Bundeena & Maianbar, two small villages on the southern shores, Port Hacking River, surrounded on the other three sides by the Royal National Park.
Established in 1879, Royal National Park is the world's second oldest national park - after Yellowstone in the USA. It offers riverside picnics, great surf beaches, cliff top heathland walks, rainforest and cycle tracks.
By road Bundeena is 25 kms from Sutherland, one of Sydney’s most southern Suburbs. The main entry points to the Royal National Park are along the Princess Highway at the southern suburbs of Loftus and Waterfall.
Travelling by train, the closest rail stations are Engadine, Heathcote, Otford, Waterfall and Loftus. On Sundays and public holidays there's a tram from Loftus railway station to the park, it leaves from the Sydney Tramway Museum.
The ‘Art Trail’ was conceived 3 years ago to allow art lovers the opportunity to visit studio - galleries, talk with the artists, see work in progress, soak up the studio atmosphere and even make a purchase.
Artist works include all mediums of painting, ceramics, sculpture, mixed media pieces, prints plus more.
Participating artists provide good access for the public to their studio or gallery and produce plenty of art work to peruse.
There are many well recognised and awarded artist on the ‘Trail’.
Lundov Shamanic Healer
The workshop takes a whole day with enjoyable, healthy snacks and a big lunch along the way.
Students meet and are introduced to drumming and meditation.

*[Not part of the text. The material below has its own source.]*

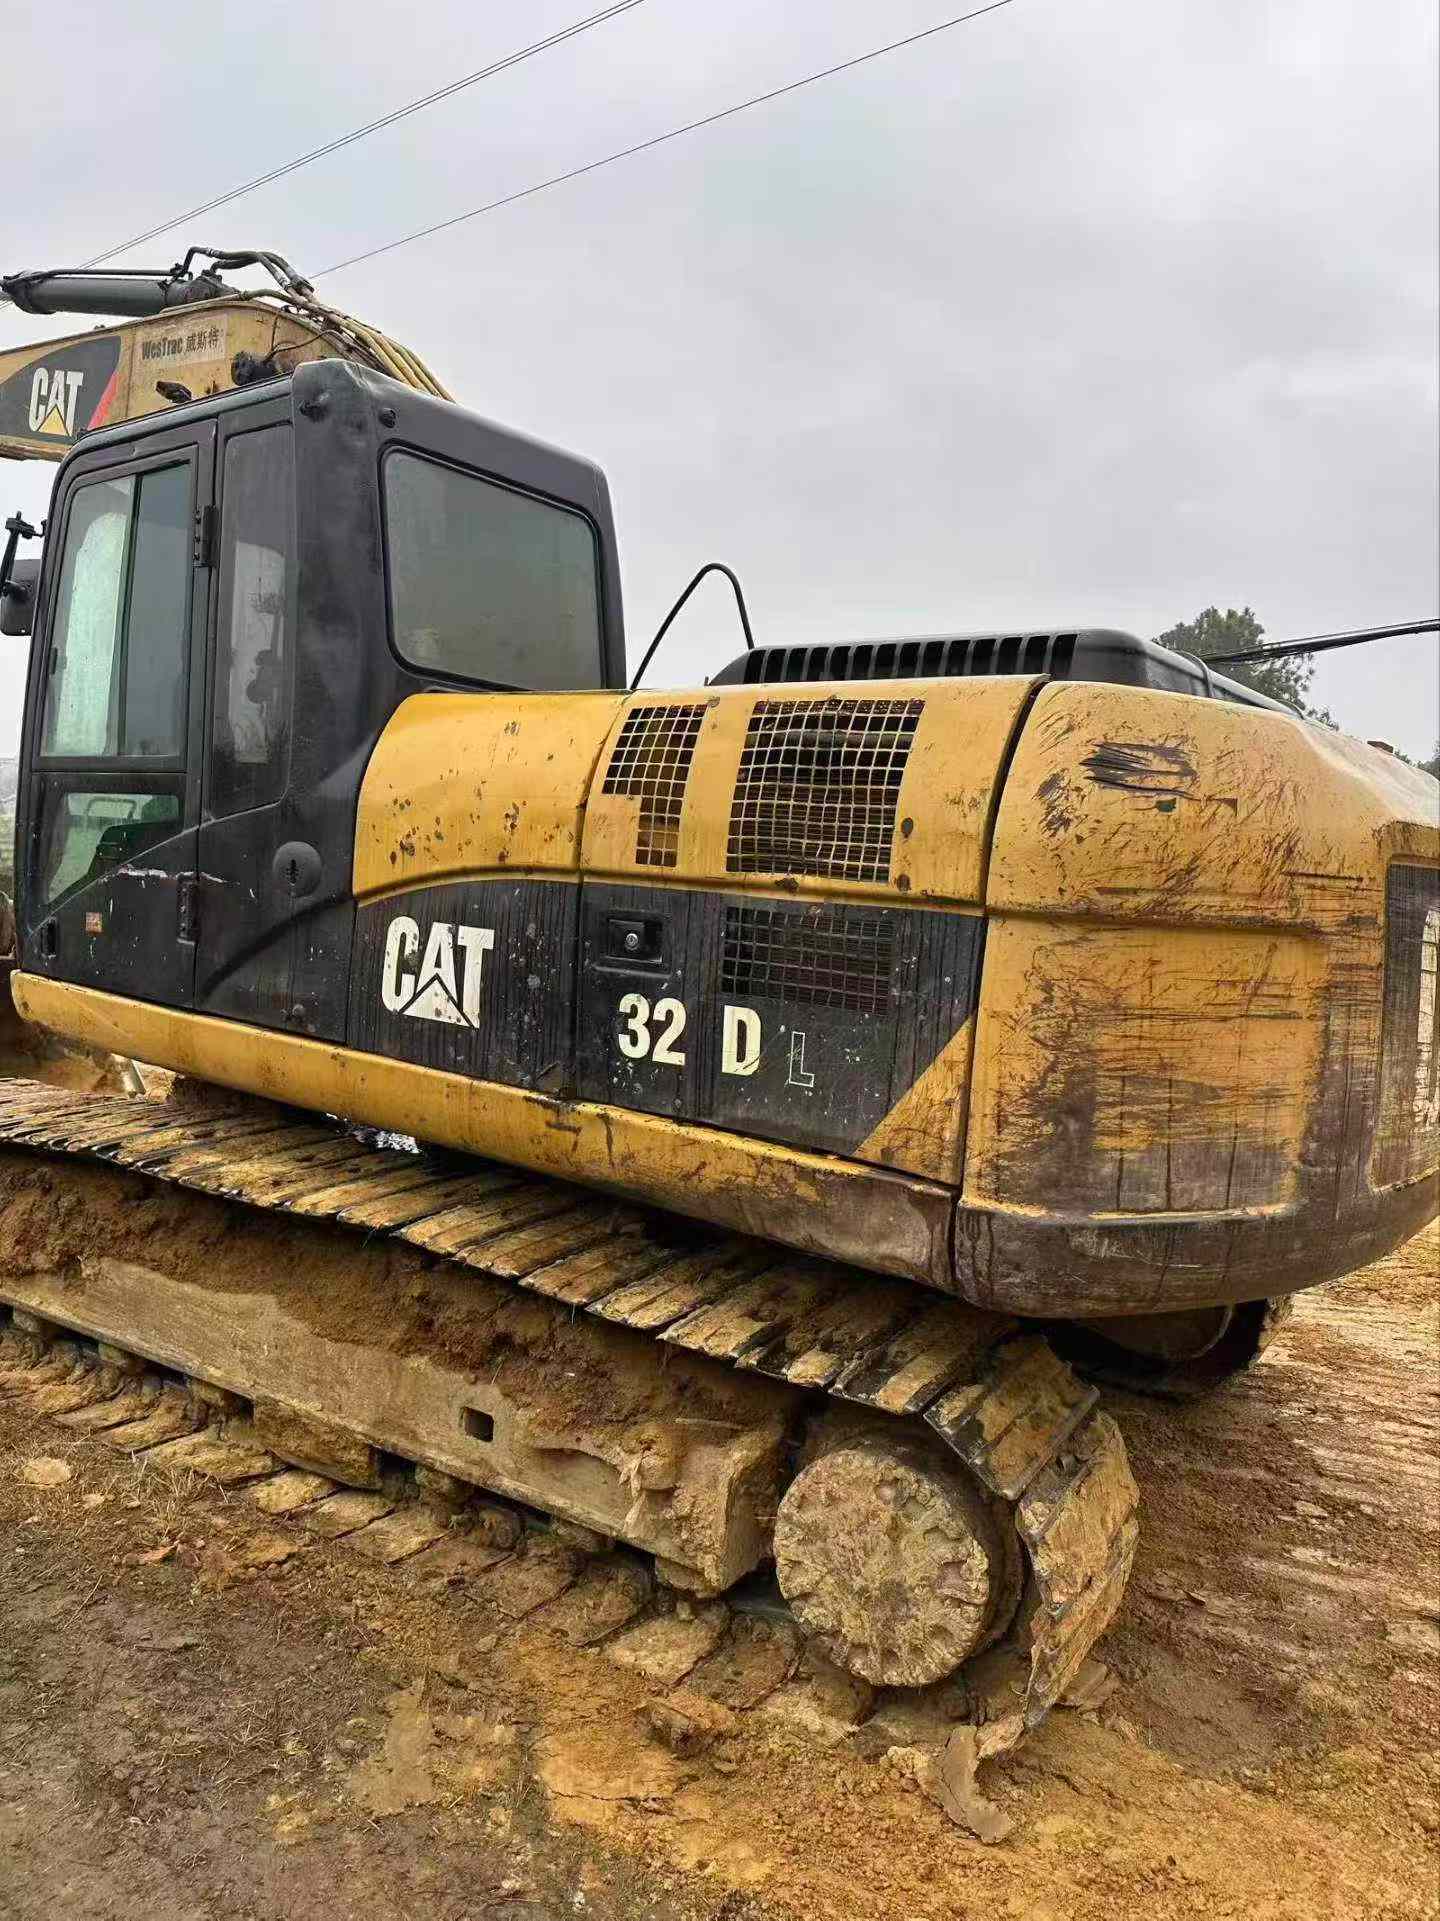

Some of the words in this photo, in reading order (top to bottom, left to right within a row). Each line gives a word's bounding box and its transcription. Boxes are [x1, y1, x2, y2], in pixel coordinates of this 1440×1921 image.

Participants begin to create masks. They go through the symbolism of the masks and what they represent.
The clay is cut and placed on participant’s faces while they lie down so the clay can take form for 20 minutes. The focus at this stage is on meditation and relaxation which evolves into a journey into the mystical. Melanie plays drums and chants transporting you to a new level of relaxation and inner peace. Her partner, Yuri, the story teller, tells a story based on ‘Cinderella’ and an individual’s ‘right of passage’.
The mask decoration begins around a table where everyone can chat and relate stories of their visions and feelings during the meditating process. Students are encouraged to use feathers when they adorn their clay mask. To conclude the workshops, the masks are offered to ‘the world’ in a symbolic ceremony.